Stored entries

>>>

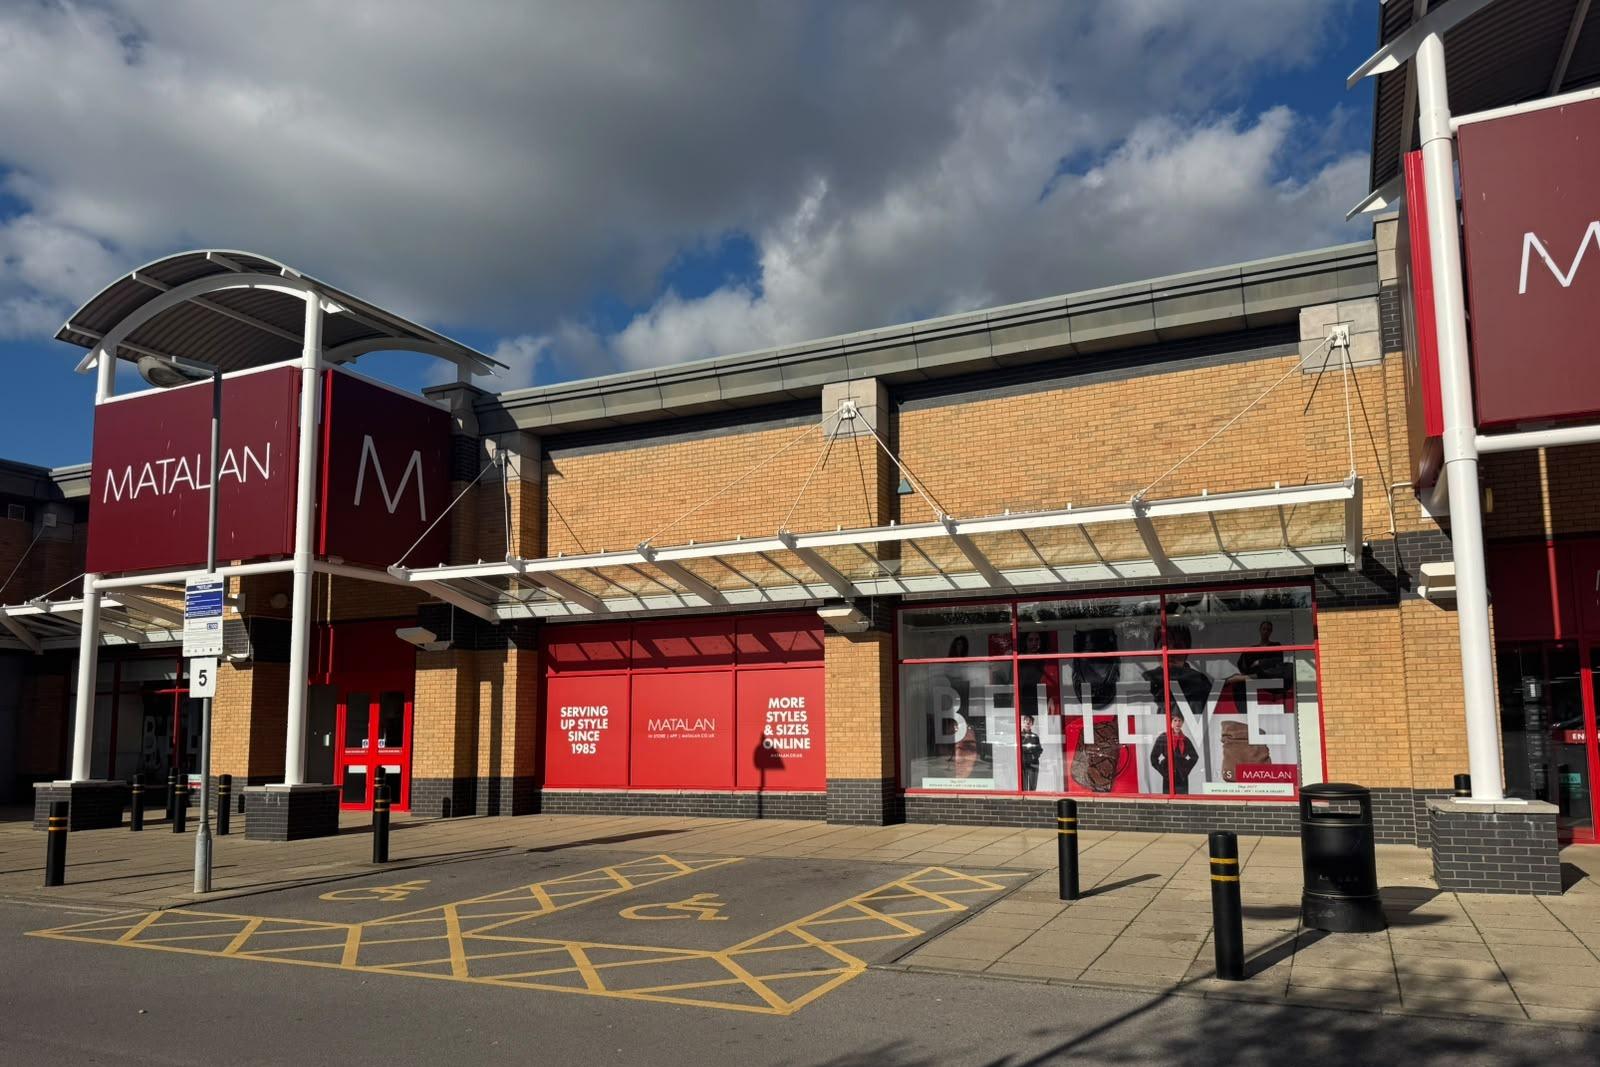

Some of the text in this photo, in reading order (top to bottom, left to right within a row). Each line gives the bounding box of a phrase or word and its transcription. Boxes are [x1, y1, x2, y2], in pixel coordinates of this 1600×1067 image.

[1518, 220, 1600, 295] M
[102, 442, 271, 503] MATALAN
[353, 434, 427, 522] M
[198, 669, 208, 687] 5
[768, 697, 805, 709] MORE
[560, 705, 609, 718] SERVING
[766, 710, 808, 723] STYLES
[933, 678, 1287, 746] BELIEVE
[560, 718, 609, 730] UP STYLE
[647, 718, 716, 731] MATALAN
[763, 723, 810, 736] & SIZES
[568, 730, 601, 742] SINCE
[571, 743, 597, 755] 1985
[763, 737, 811, 750] ONLINE
[1242, 770, 1292, 779] MATALAN
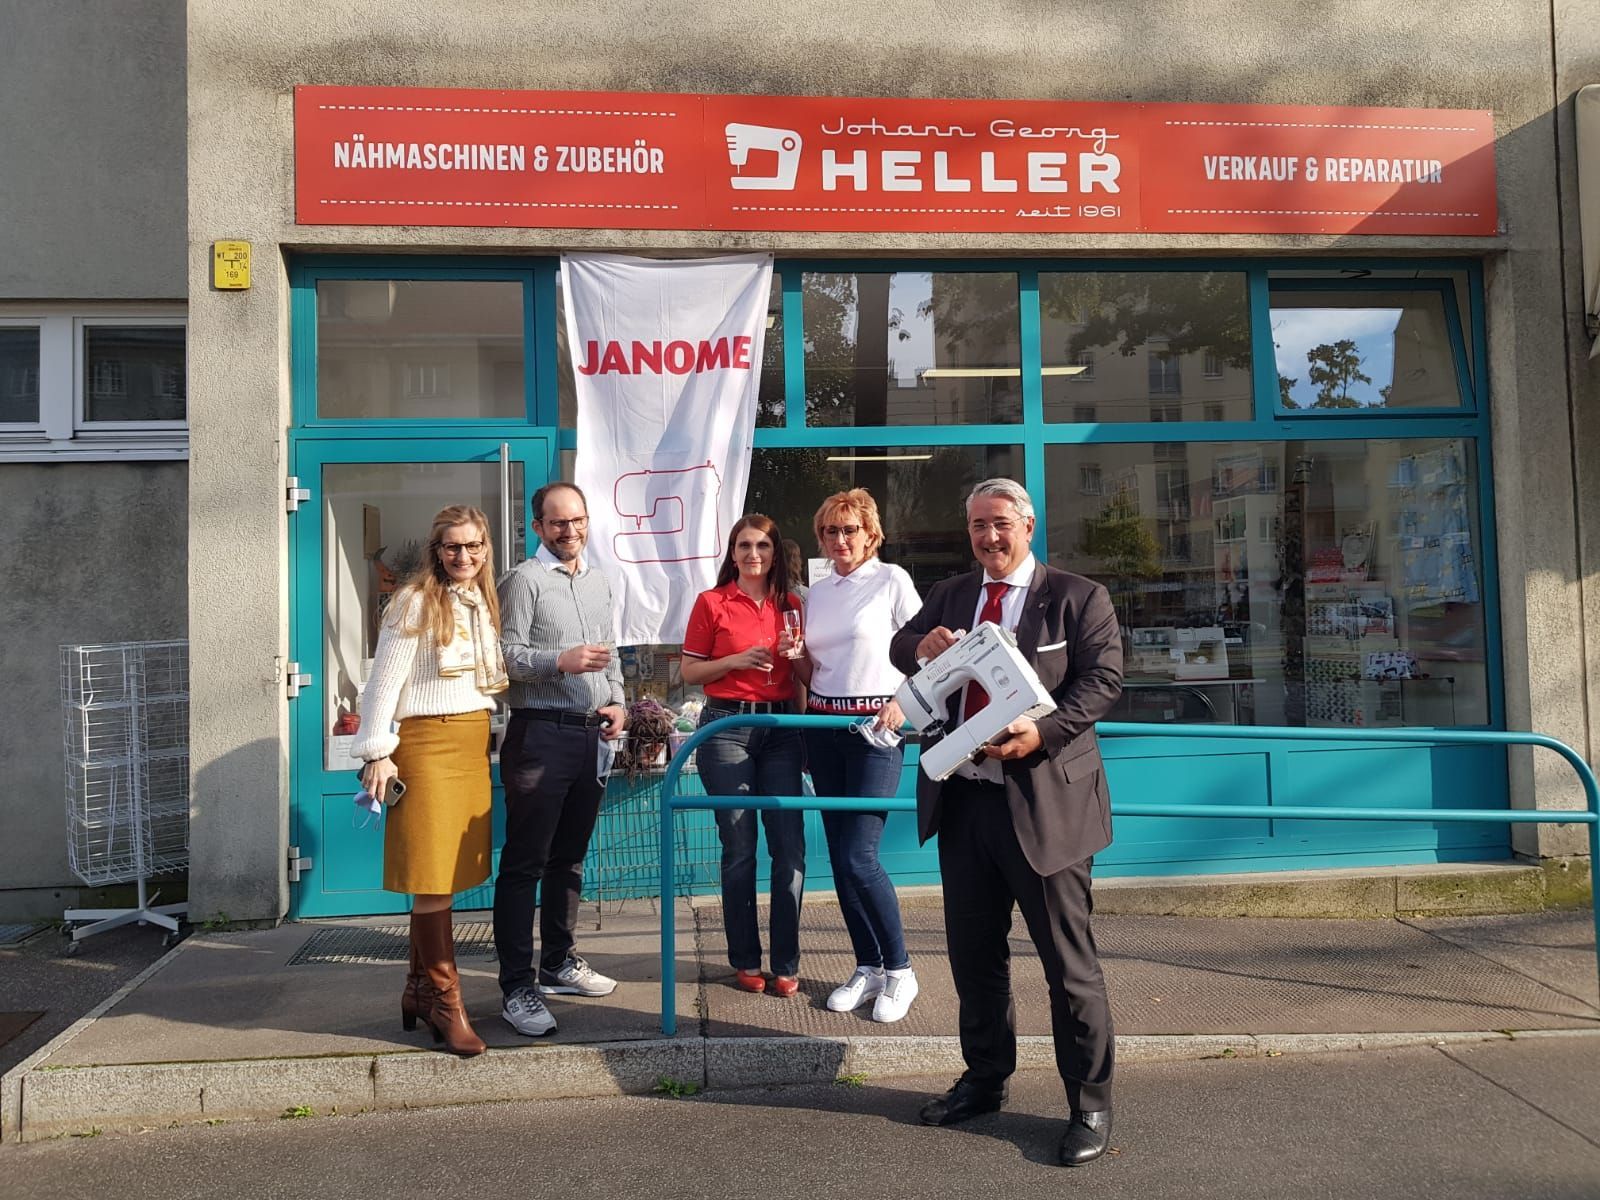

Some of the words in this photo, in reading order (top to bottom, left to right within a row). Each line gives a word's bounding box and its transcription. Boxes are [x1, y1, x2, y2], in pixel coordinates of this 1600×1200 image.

[334, 133, 526, 171] NÄHMASCHINEN
[533, 145, 549, 172] &
[555, 139, 664, 174] ZUBEHÖR
[821, 116, 977, 137] Johann
[989, 119, 1120, 154] Georg
[821, 149, 1121, 194] HELLER
[1203, 155, 1299, 182] VERKAUF
[1305, 156, 1320, 182] &
[1325, 157, 1443, 184] REPARATUR
[1015, 205, 1072, 218] seit
[1078, 205, 1122, 218] 1961
[577, 335, 752, 376] JANOME
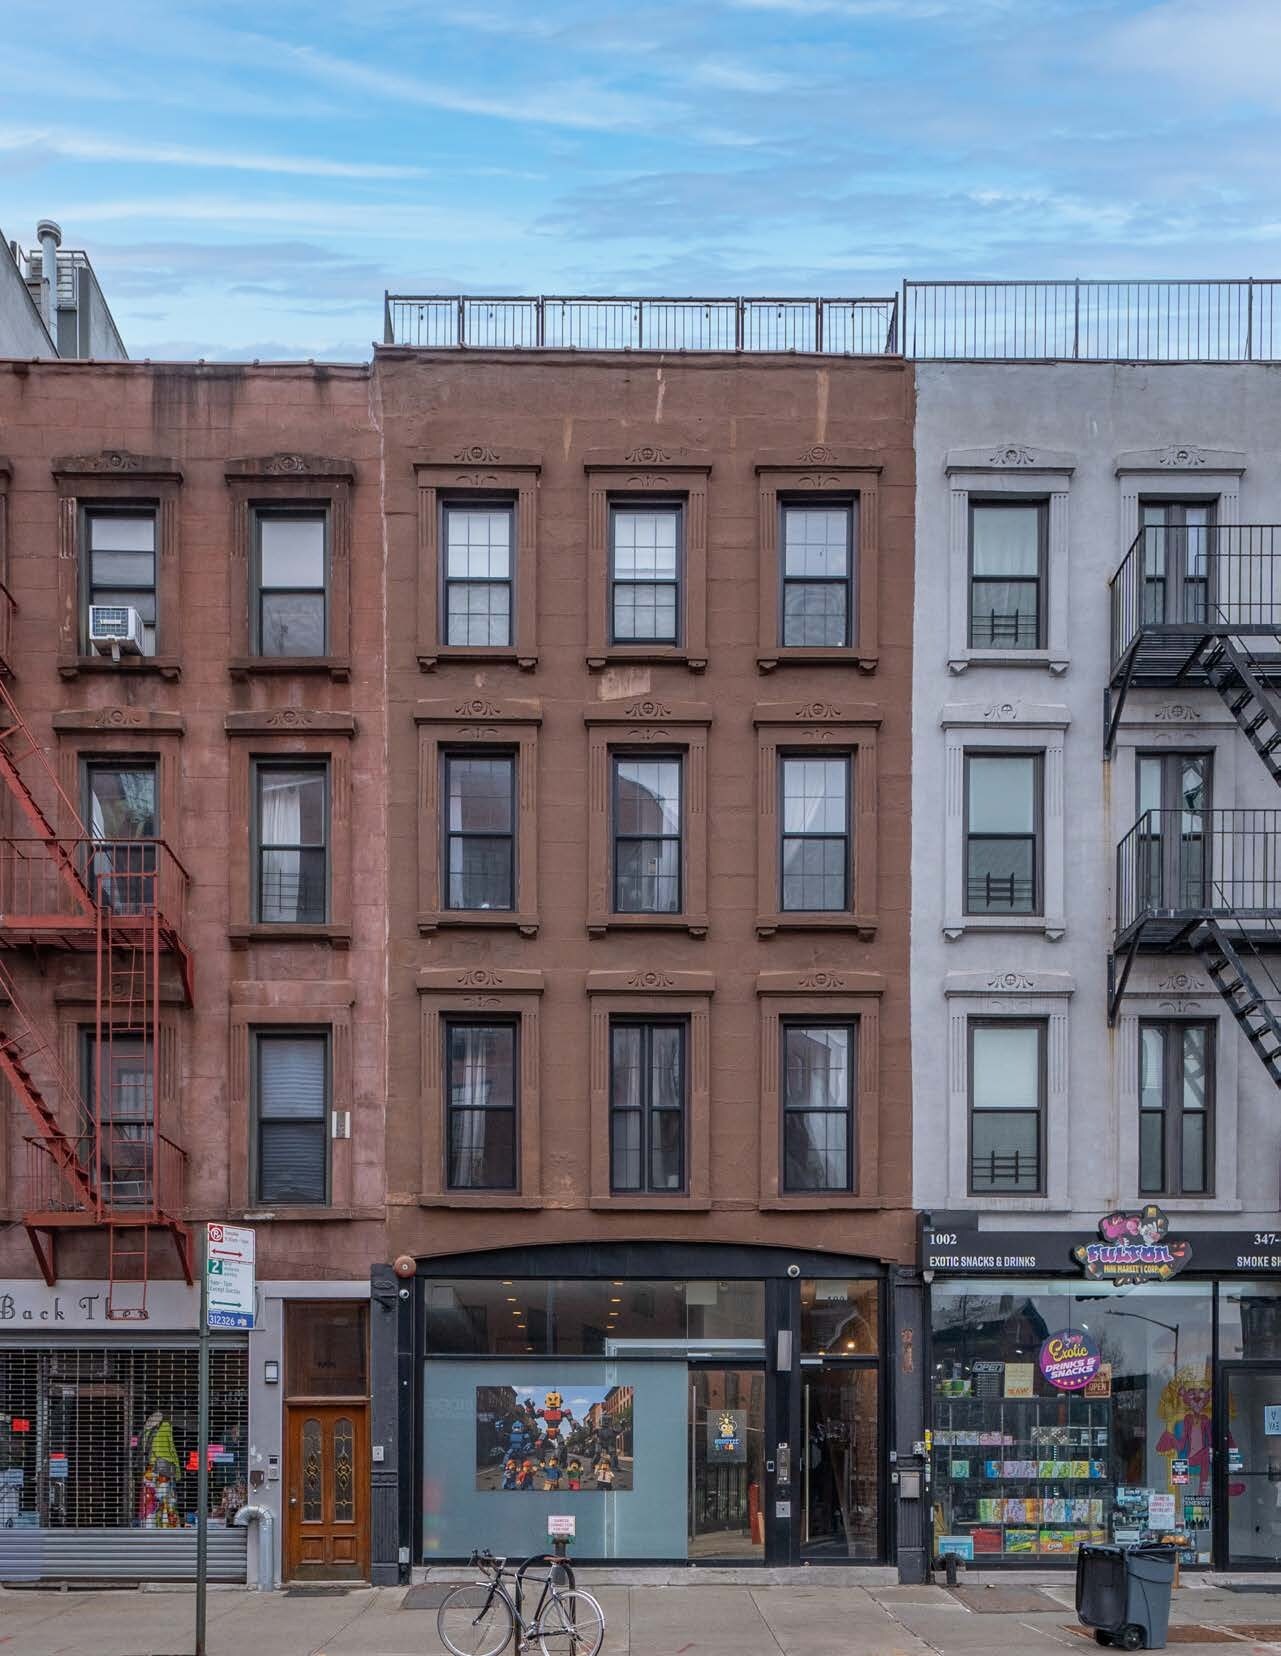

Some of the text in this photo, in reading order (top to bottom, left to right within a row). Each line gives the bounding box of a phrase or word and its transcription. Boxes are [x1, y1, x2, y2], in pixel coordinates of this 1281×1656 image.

[929, 1234, 957, 1245] 1002
[929, 1256, 1036, 1267] EXOTIC SNACKS & DRINKS
[1237, 1256, 1269, 1267] SMOKE
[1103, 1264, 1117, 1273] MINI
[1117, 1264, 1139, 1273] MARKET
[0, 1293, 64, 1320] Back
[208, 1315, 235, 1326] 312326
[1048, 1338, 1089, 1362] Exotic
[973, 1363, 1004, 1372] OPEN
[1045, 1357, 1097, 1373] DRINKS &
[1050, 1364, 1095, 1379] SNACKS
[1088, 1382, 1107, 1392] OPEN

<<<

**Exercise requirements**. Return the lines above, from the one containing "this 1281×1656 image." to the end, exactly as they stand.

**Task result**.
Some of the text in this photo, in reading order (top to bottom, left to right within a row). Each line gives the bounding box of a phrase or word and its transcription. Boxes are [x1, y1, x2, y2], in pixel coordinates of this 1281×1656 image.

[929, 1234, 957, 1245] 1002
[929, 1256, 1036, 1267] EXOTIC SNACKS & DRINKS
[1237, 1256, 1269, 1267] SMOKE
[1103, 1264, 1117, 1273] MINI
[1117, 1264, 1139, 1273] MARKET
[0, 1293, 64, 1320] Back
[208, 1315, 235, 1326] 312326
[1048, 1338, 1089, 1362] Exotic
[973, 1363, 1004, 1372] OPEN
[1045, 1357, 1097, 1373] DRINKS &
[1050, 1364, 1095, 1379] SNACKS
[1088, 1382, 1107, 1392] OPEN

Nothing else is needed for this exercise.